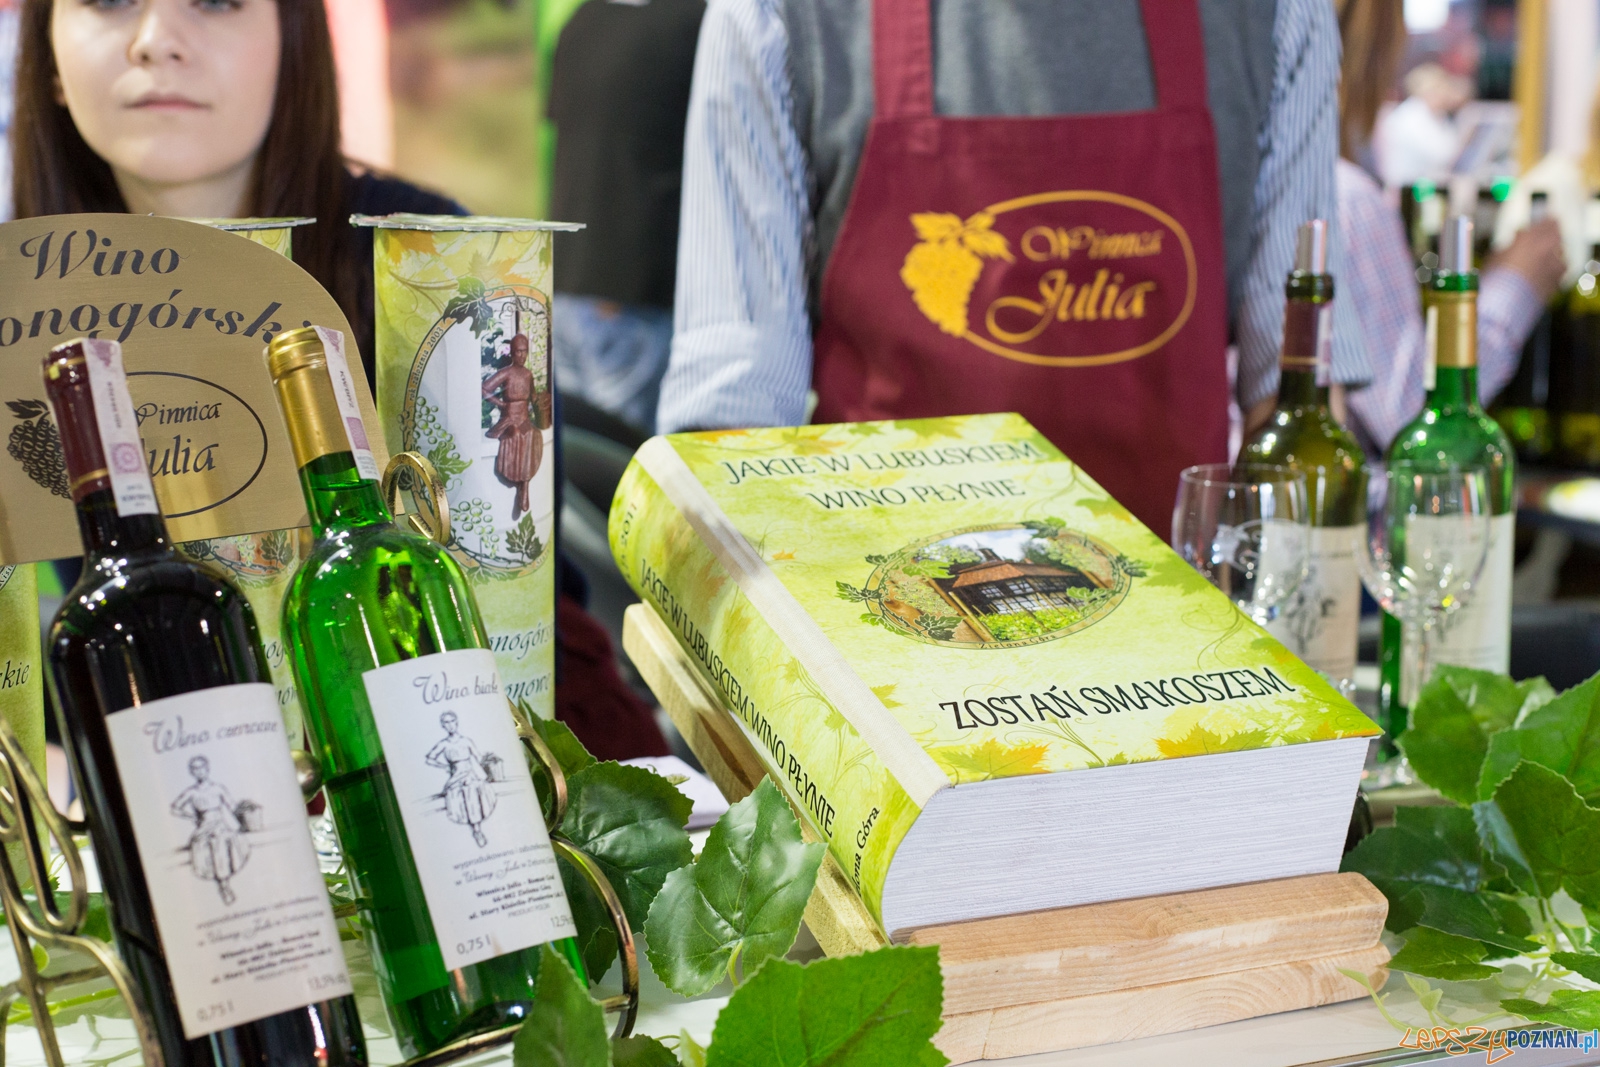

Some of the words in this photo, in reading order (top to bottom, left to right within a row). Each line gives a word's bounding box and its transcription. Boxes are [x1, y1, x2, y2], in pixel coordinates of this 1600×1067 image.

[20, 229, 190, 279] Wino
[0, 289, 313, 346] onogórsk
[985, 266, 1158, 344] Julia
[141, 434, 219, 477] ulia
[722, 456, 816, 485] JAKIE
[816, 454, 850, 472] W
[854, 442, 1045, 471] LUBUSKIEM
[806, 487, 907, 510] WINO
[909, 478, 1027, 503] PŁYNIE
[0, 660, 30, 690] kie
[412, 670, 470, 705] Wino
[641, 558, 669, 614] JAKIE
[669, 595, 683, 629] W
[682, 613, 749, 722] LUBUSKIEM
[750, 702, 786, 769] WINO
[788, 753, 836, 838] PŁYNIE
[939, 684, 1089, 730] ZOSTAŃ
[1080, 666, 1296, 716] SMAKOSZEM
[143, 714, 211, 755] Wino
[857, 807, 880, 849] Góra
[456, 937, 484, 955] 0,75
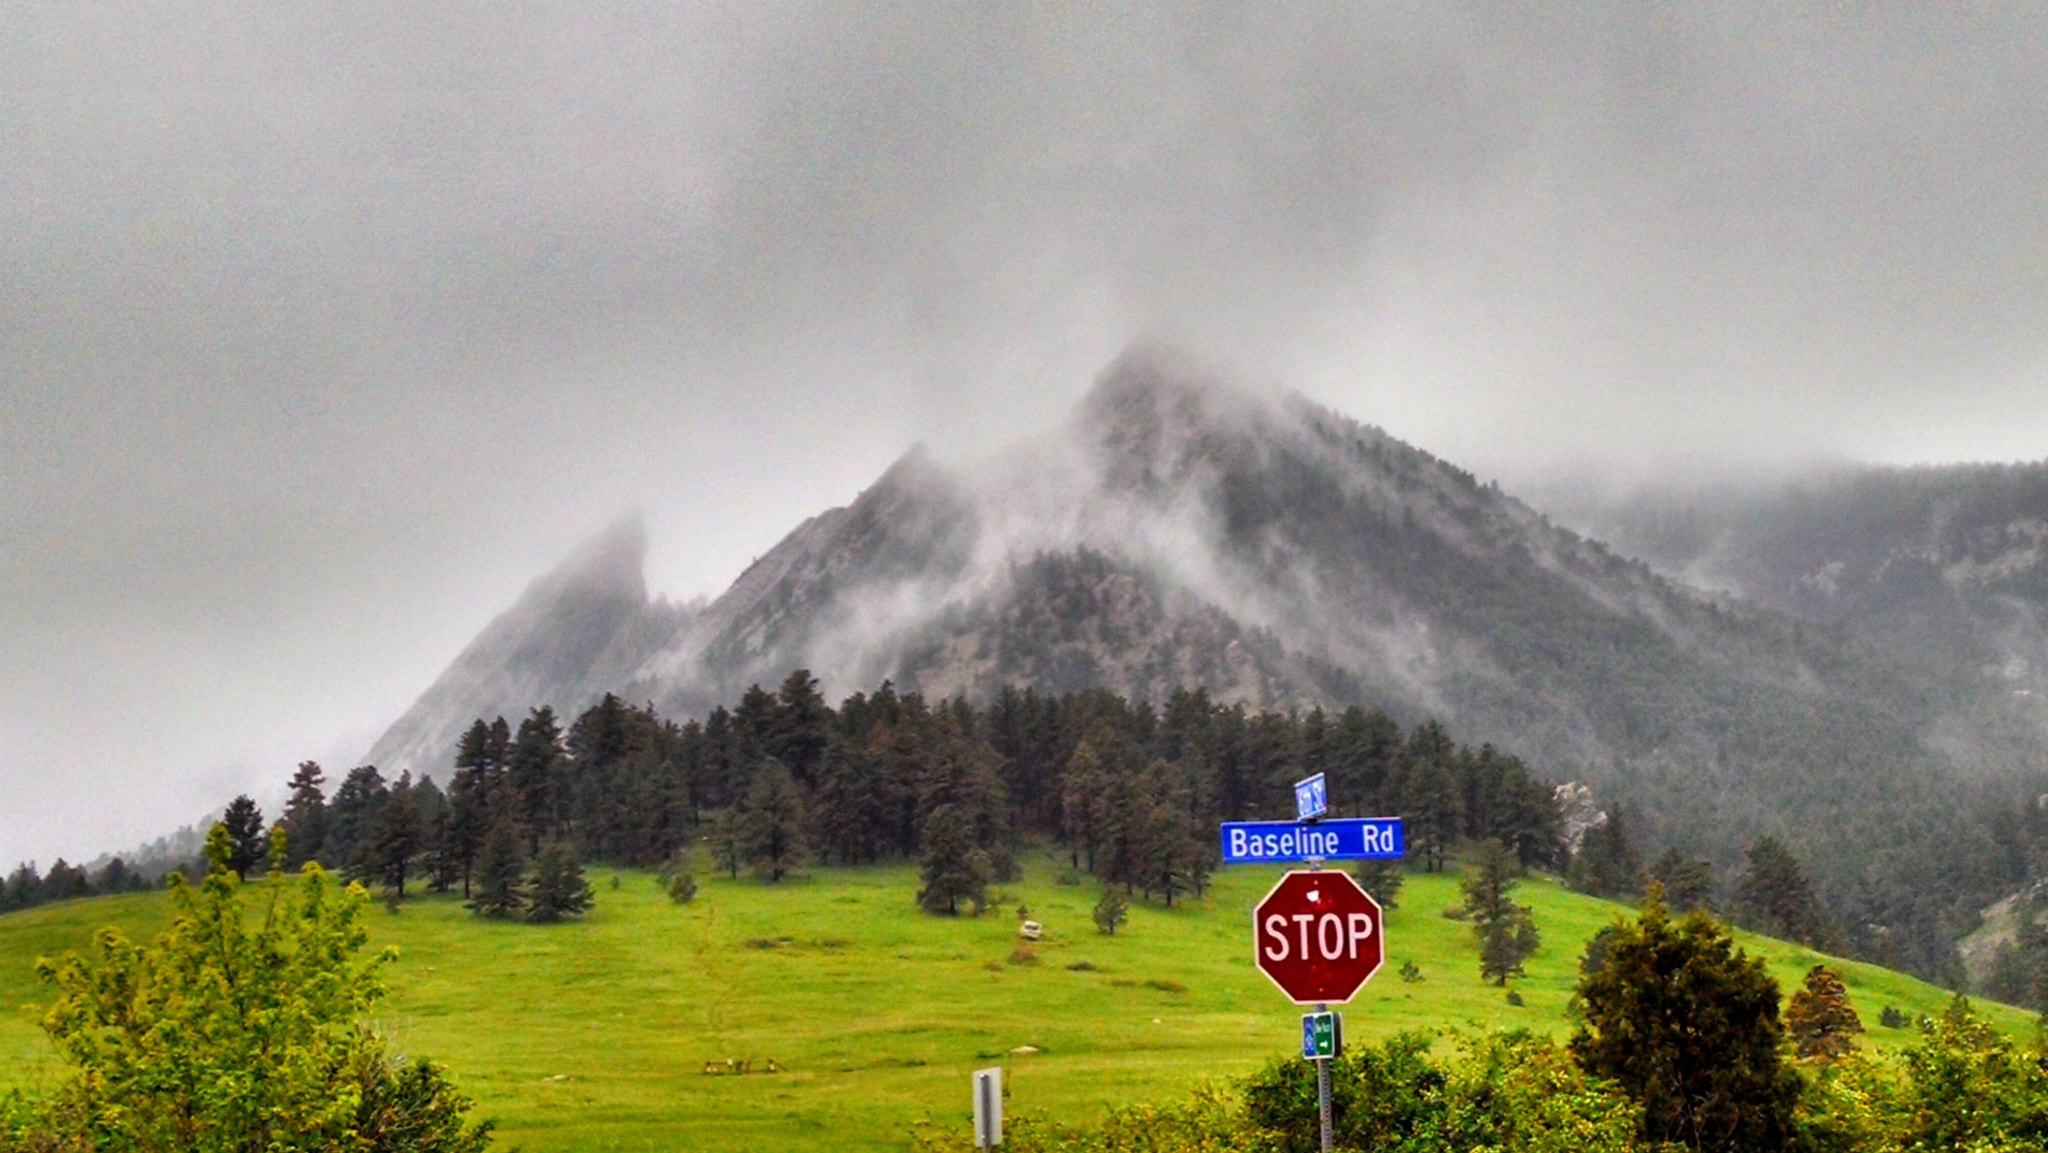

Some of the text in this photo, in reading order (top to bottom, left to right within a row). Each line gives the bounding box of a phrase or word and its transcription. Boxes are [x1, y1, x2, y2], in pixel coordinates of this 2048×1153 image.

[1230, 824, 1394, 857] Baseline Rd
[1265, 913, 1373, 962] STOP

□ □ □

* [TASK TO CARRY OUT]
Go through the data above and transcribe it in full, omitting any image.

* [PROBLEM SOLUTION]
Some of the words in this photo, in reading order (top to bottom, left to right within a row). Each line gives a word's bounding box and its transcription. Boxes are [x1, y1, x2, y2], in pixel coordinates of this 1600×1067 image.

[20, 229, 190, 279] Wino
[0, 289, 313, 346] onogórsk
[985, 266, 1158, 344] Julia
[141, 434, 219, 477] ulia
[722, 456, 816, 485] JAKIE
[816, 454, 850, 472] W
[854, 442, 1045, 471] LUBUSKIEM
[806, 487, 907, 510] WINO
[909, 478, 1027, 503] PŁYNIE
[0, 660, 30, 690] kie
[412, 670, 470, 705] Wino
[641, 558, 669, 614] JAKIE
[669, 595, 683, 629] W
[682, 613, 749, 722] LUBUSKIEM
[750, 702, 786, 769] WINO
[788, 753, 836, 838] PŁYNIE
[939, 684, 1089, 730] ZOSTAŃ
[1080, 666, 1296, 716] SMAKOSZEM
[143, 714, 211, 755] Wino
[857, 807, 880, 849] Góra
[456, 937, 484, 955] 0,75

Some of the text in this photo, in reading order (top to bottom, left to right within a row). Each line gives the bounding box of a phrase or word and its transcription. Boxes are [x1, y1, x2, y2], in pixel coordinates of this 2048×1153 image.

[1230, 824, 1394, 857] Baseline Rd
[1265, 913, 1373, 962] STOP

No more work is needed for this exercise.